To some extent, this is what happened after 1846, as Britain entered a period of relative affluence for most. But more dramatically, when the UK left the protectionist embrace of the Corn Laws, it set a radically new path by becoming the first major economy to adopt unilateral global free trade. This meant adopting customs duties for revenue only and abandoning any tariffs, which offered reciprocal benefits to individual nations – even to the extent of removing the preference given to imports of Canadian wheat in 1843.

In effect, the policy was one of no trade deals. It relied on unconditionally free imports and market advantage, rather than privileged access to ensure the continued prosperity of British exports. Britain vastly simplified its tariffs and by 1860 only a small number of revenue-raising import duties survived.

In pursuit of this unilateral policy, Britain also ended its previous approach to trade negotiations under the politician William Huskisson in the 1820s which had been based on the gradual extension of reciprocity treaties. Britain abandoned policies of imperial preference which had since the 17th century offered economic advantages to the colonies. The Navigation Acts, which were designed to benefit the British shipping industry, would also go in 1849.

For those most directly concerned in the trade regime – the politicians and officials at the Board of Trade – the appeal of unilateralism lay in ending decades of frustrating negotiations, which had been time-consuming and largely fruitless. This should give today’s negotiators pause for thought as they attempt to secure a trade deal within two years with the remaining 27 EU member states. And for them, the lack of a trade deal would not result in Britain unilaterally adopting free trade, but WTO tariffs as the easiest alternative. This would leave consumers in the UK and EU facing duties ranging from 4 per cent to 32 per cent.

Britain was the world’s foremost trading nation in 1846 so the case for unilateralism was bolstered by the belief that other nations would follow its example and bring about free trade across the globe. And there was some evidence to support this. The Walker Tariff of 1846, introduced by US President James Polk, lowered US tariff rates in anticipation of the repeal of the Corn Laws.

But, except in a few smaller nations, the political risks of free trade after the 1848 revolutions (involving disgruntled workers and uncompetitive manufacturers) deterred statesmen from decisive change. Some, schooled in the protectionist thinking of German economist Friedrich List, believed that “Perfidious Albion” – treacherous Britain – merely propagated free trade in its own self-interest. Therefore, only in the wake of a war scare between Britain and France in 1859 was the French emperor, Napoleon III, persuaded that free trade was a way to bolster peace as well as growth in a sluggish French economy.

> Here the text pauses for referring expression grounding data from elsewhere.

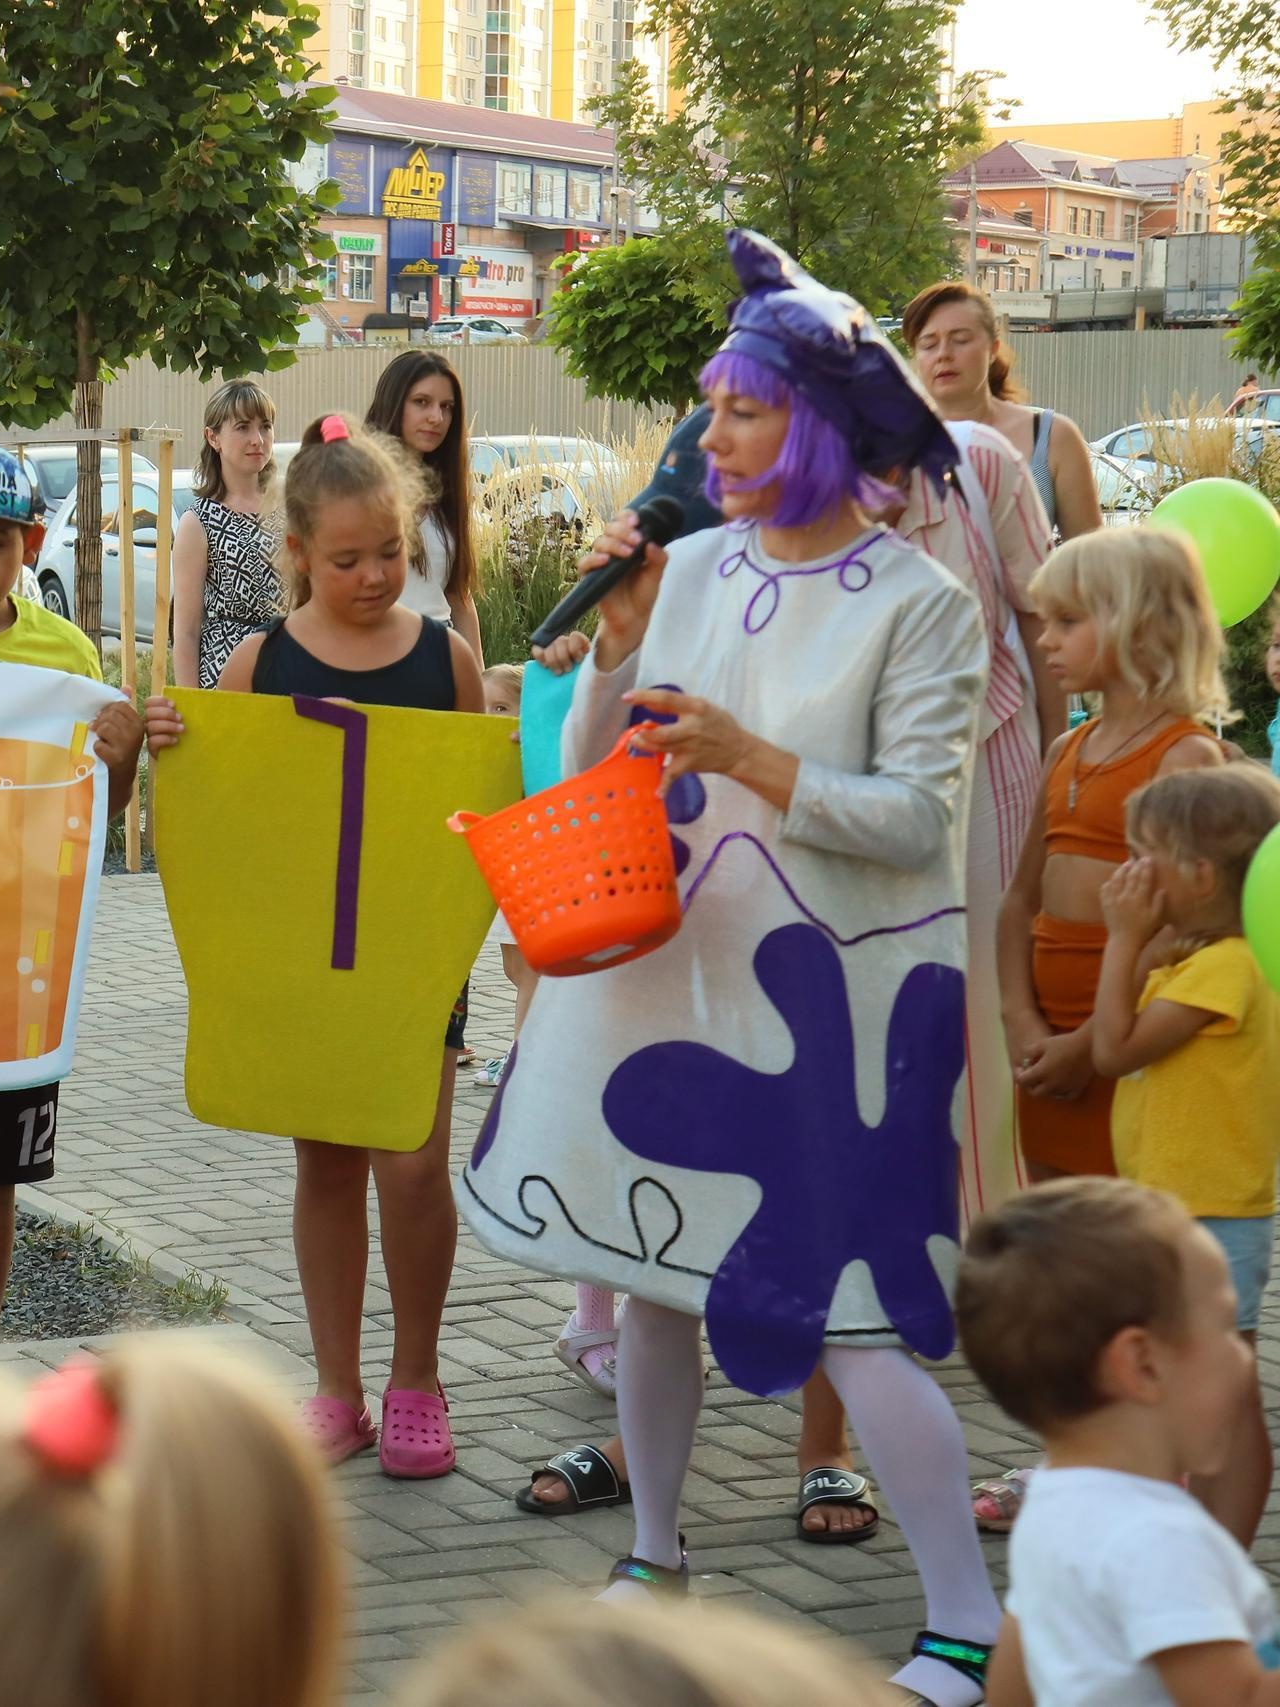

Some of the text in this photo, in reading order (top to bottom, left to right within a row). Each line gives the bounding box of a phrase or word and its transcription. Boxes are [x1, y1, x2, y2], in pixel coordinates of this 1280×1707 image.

[384, 148, 445, 199] ЛИДЕР
[443, 226, 453, 253] Torex
[17, 1100, 56, 1167] 12
[553, 1450, 593, 1476] FILA
[803, 1476, 855, 1494] FILA
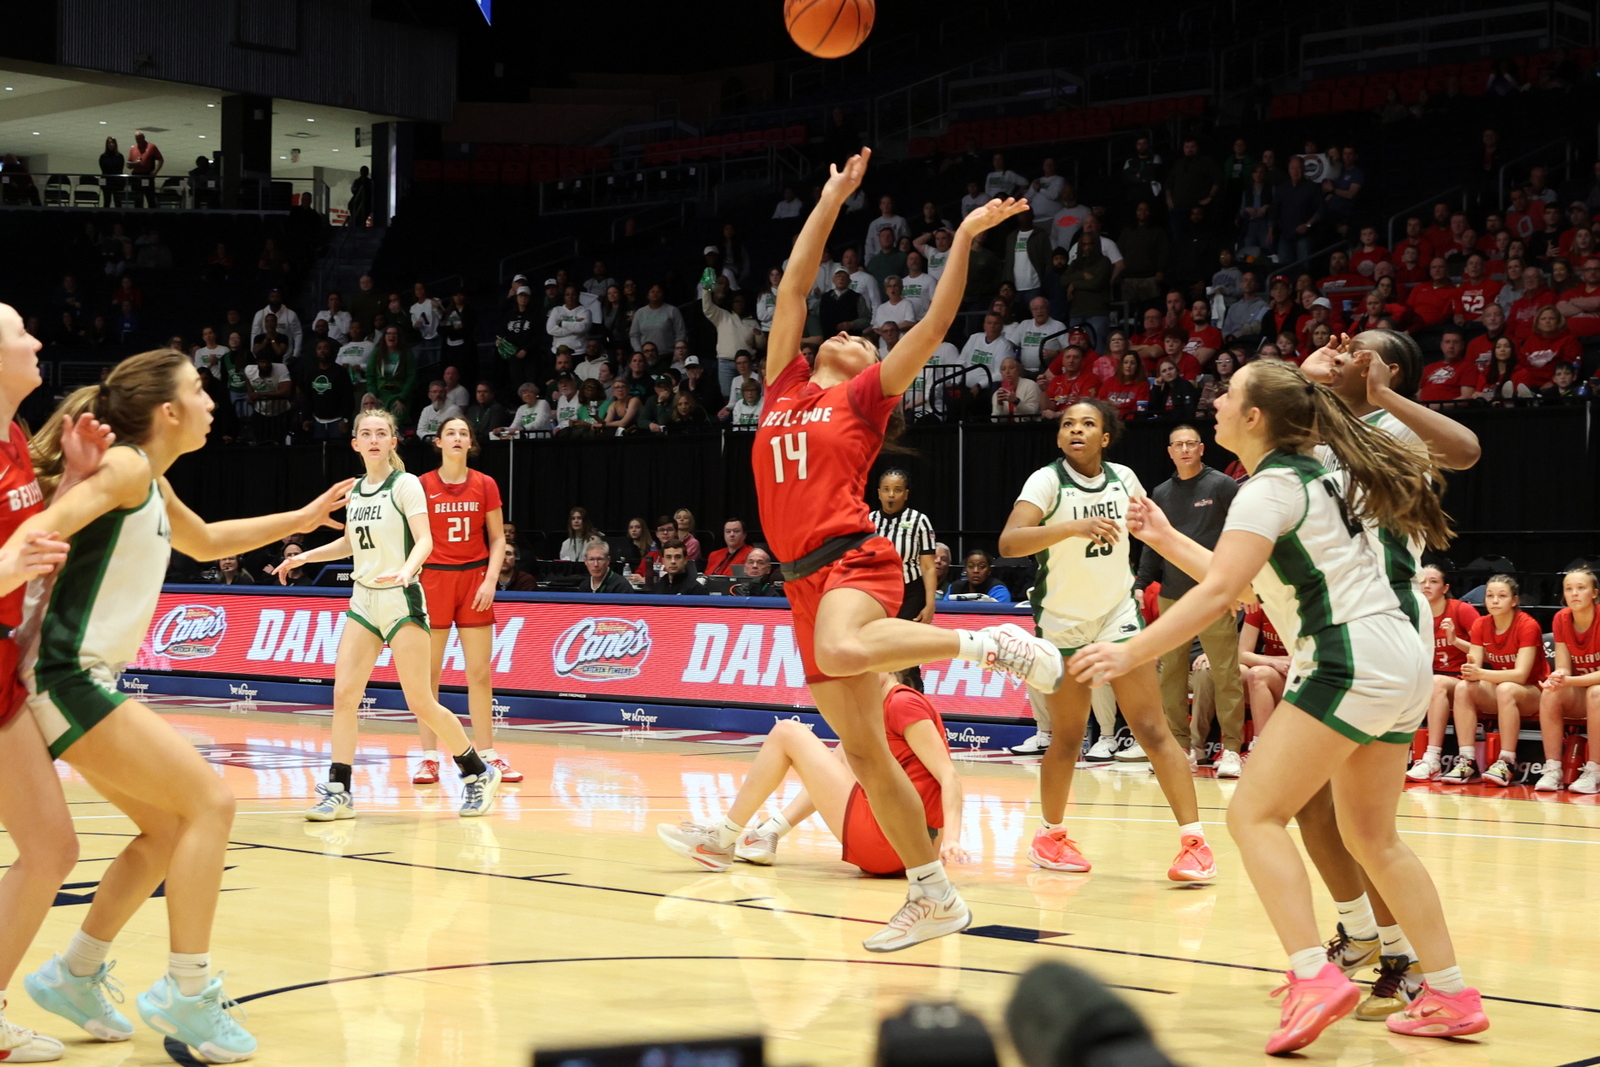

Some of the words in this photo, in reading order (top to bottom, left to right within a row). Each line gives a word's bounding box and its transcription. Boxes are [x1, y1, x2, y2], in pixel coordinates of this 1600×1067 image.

[770, 431, 807, 483] 14
[349, 505, 382, 522] LAUREL
[434, 501, 480, 513] BELLEVUE
[355, 525, 376, 550] 21
[447, 517, 471, 542] 21
[681, 622, 806, 688] DAN
[238, 683, 258, 702] Kroger
[491, 699, 511, 717] roger
[632, 708, 658, 727] Kroger
[958, 728, 990, 748] Kroger
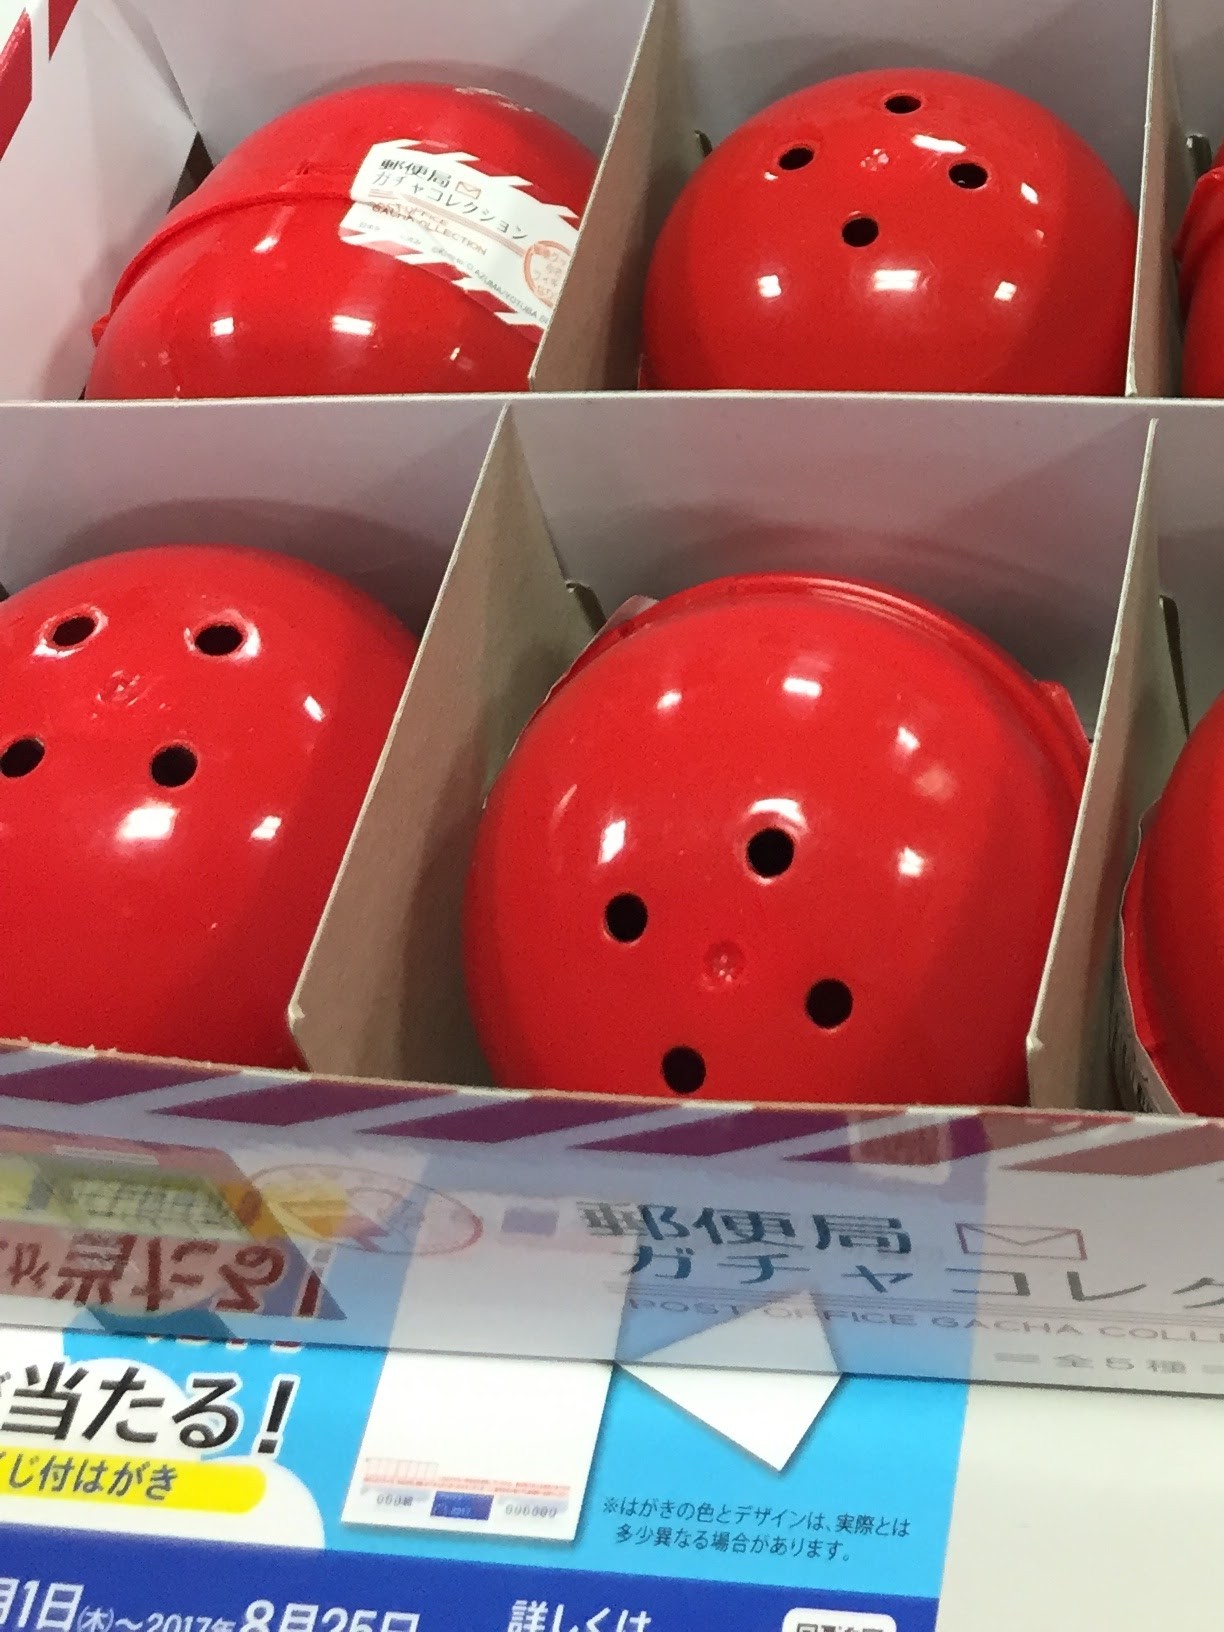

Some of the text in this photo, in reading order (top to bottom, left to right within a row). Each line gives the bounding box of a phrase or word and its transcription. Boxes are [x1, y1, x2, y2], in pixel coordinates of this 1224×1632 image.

[576, 1200, 913, 1256] 郵便局
[931, 1315, 1084, 1337] GACHA
[0, 1361, 294, 1454] 当たる!
[0, 1451, 178, 1501] じ付はがき
[615, 1522, 851, 1562] 多少異なる場合があります。
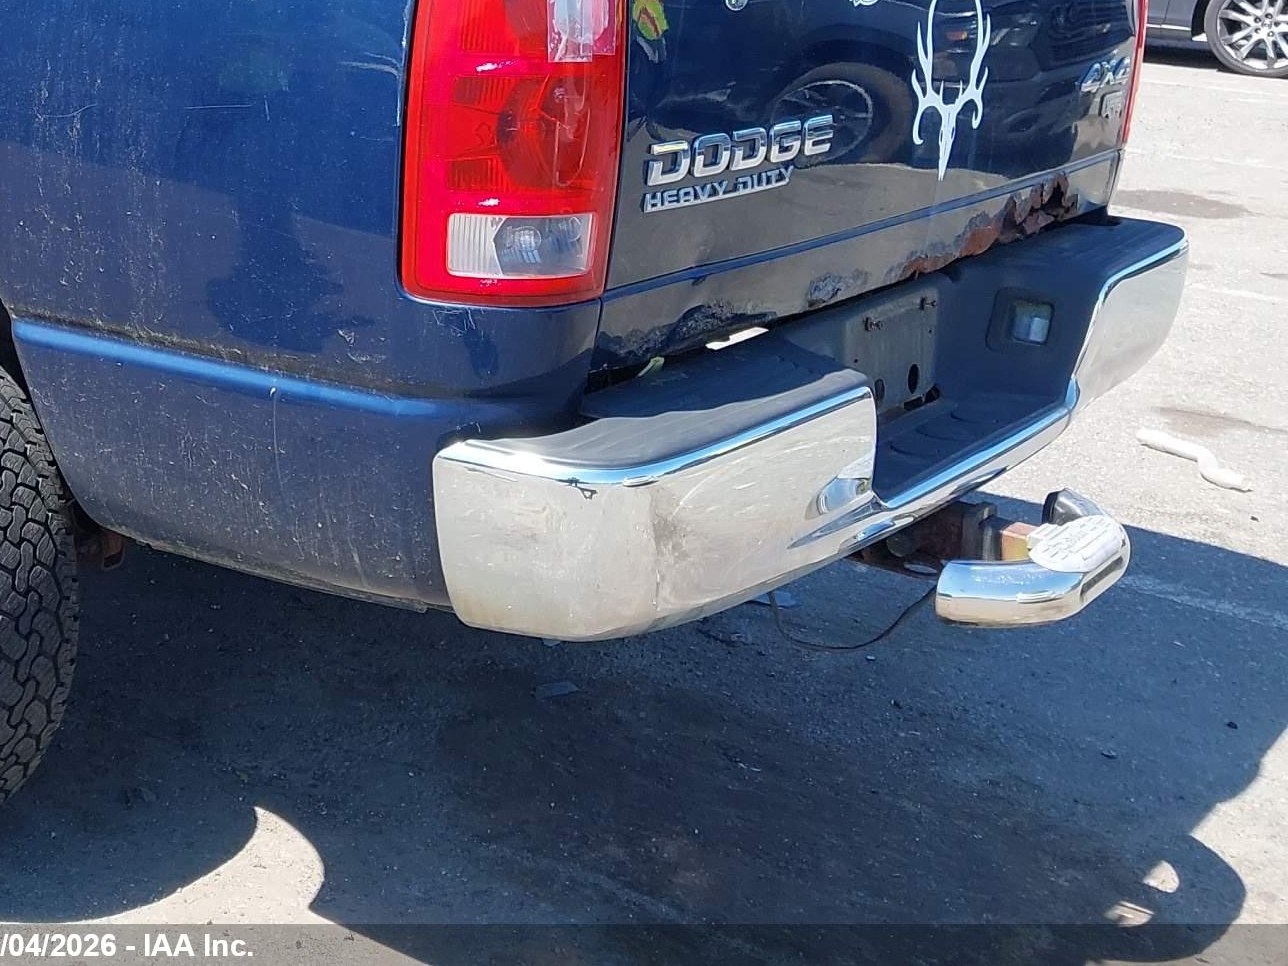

This ultimately led to a return to the negotiating table. In what opened the floodgates to commercial treaty-making, the British liberal politician, Richard Cobden set out to negotiate a new trade deal with France, the leading continental economic power, in the autumn of 1859. Much to Cobden’s dismay, what he thought would take a matter of weeks, took over a year. It involved the intimate arrangement of what was by comparison with today a limited range of goods (and no services or non-tariff barriers to deal with).

Nonetheless, the Anglo-French Commercial Treaty of 1860 proved successful. A slew of bilateral, commercial treaties followed suit in the 1860s between European powers, helping to integrate the European economy and create what has been hailed as the “first common market”. Ironically, it was these treaties, rather than unilateral free trade, that brought Britain closest to its ideal of the 1840s – leading a tariff-free Europe and boosting British prosperity by global free trade.

The ConversationBritain in the 1860s therefore entered the European system of treaties in pursuit of the global free trade ideals her statesmen had outlined in the 1840s. Paradoxically, today it prepares to leave Europe, purportedly in a similar pursuit of global free trade, deal or no deal.

This article was originally published on The Conversation. Read the original article.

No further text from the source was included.